## What you are asked to do
When you repeat the entries below, please keep them exact and leave out the pictures.

── Entries supplied

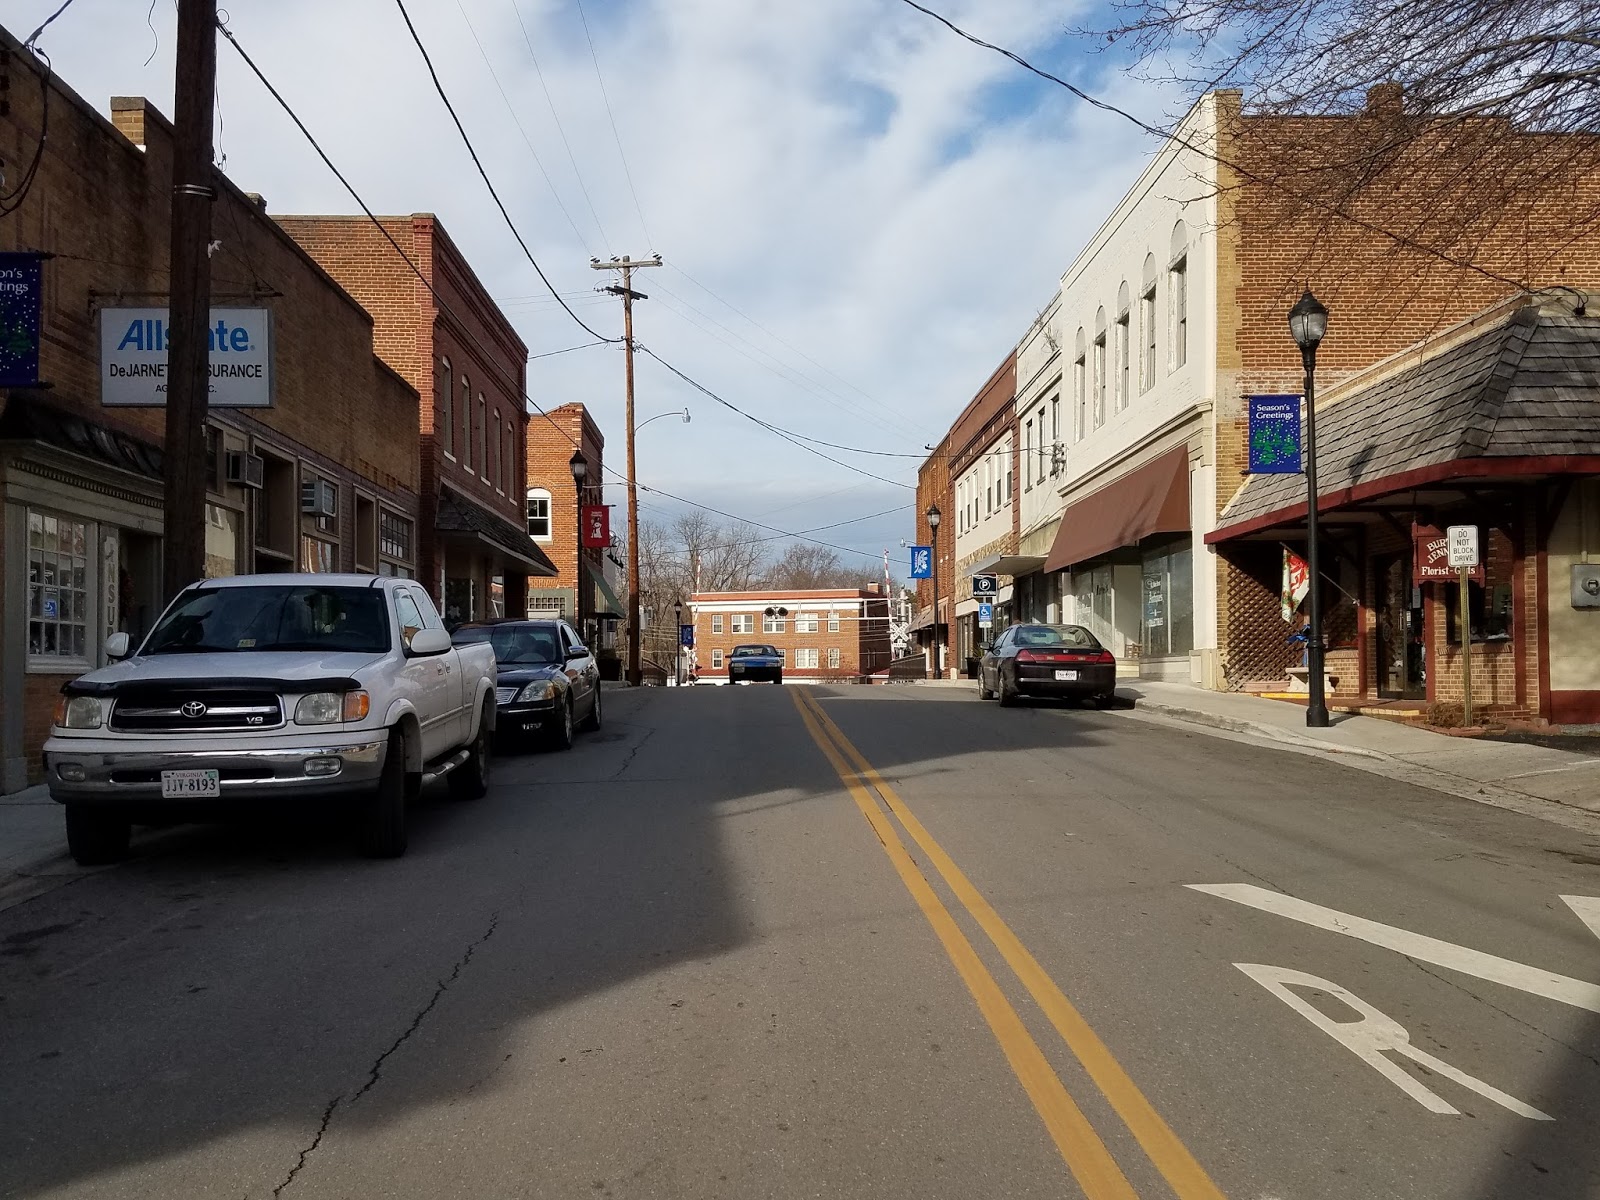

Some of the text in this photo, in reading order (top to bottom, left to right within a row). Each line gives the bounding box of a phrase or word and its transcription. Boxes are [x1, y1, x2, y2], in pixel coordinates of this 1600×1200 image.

[117, 319, 249, 352] Allte
[109, 363, 169, 377] DeJARNE
[1255, 411, 1294, 420] Greetings
[1453, 547, 1474, 555] BLOCK
[1421, 566, 1449, 576] Florist
[165, 778, 216, 792] JJV-8193

────

## Expected answer
Some of the text in this photo, in reading order (top to bottom, left to right within a row). Each line gives the bounding box of a phrase or word and its transcription. Boxes are [x1, y1, x2, y2], in pixel coordinates of this 1600×1200 image.

[117, 319, 249, 352] Allte
[109, 363, 169, 377] DeJARNE
[1255, 411, 1294, 420] Greetings
[1453, 547, 1474, 555] BLOCK
[1421, 566, 1449, 576] Florist
[165, 778, 216, 792] JJV-8193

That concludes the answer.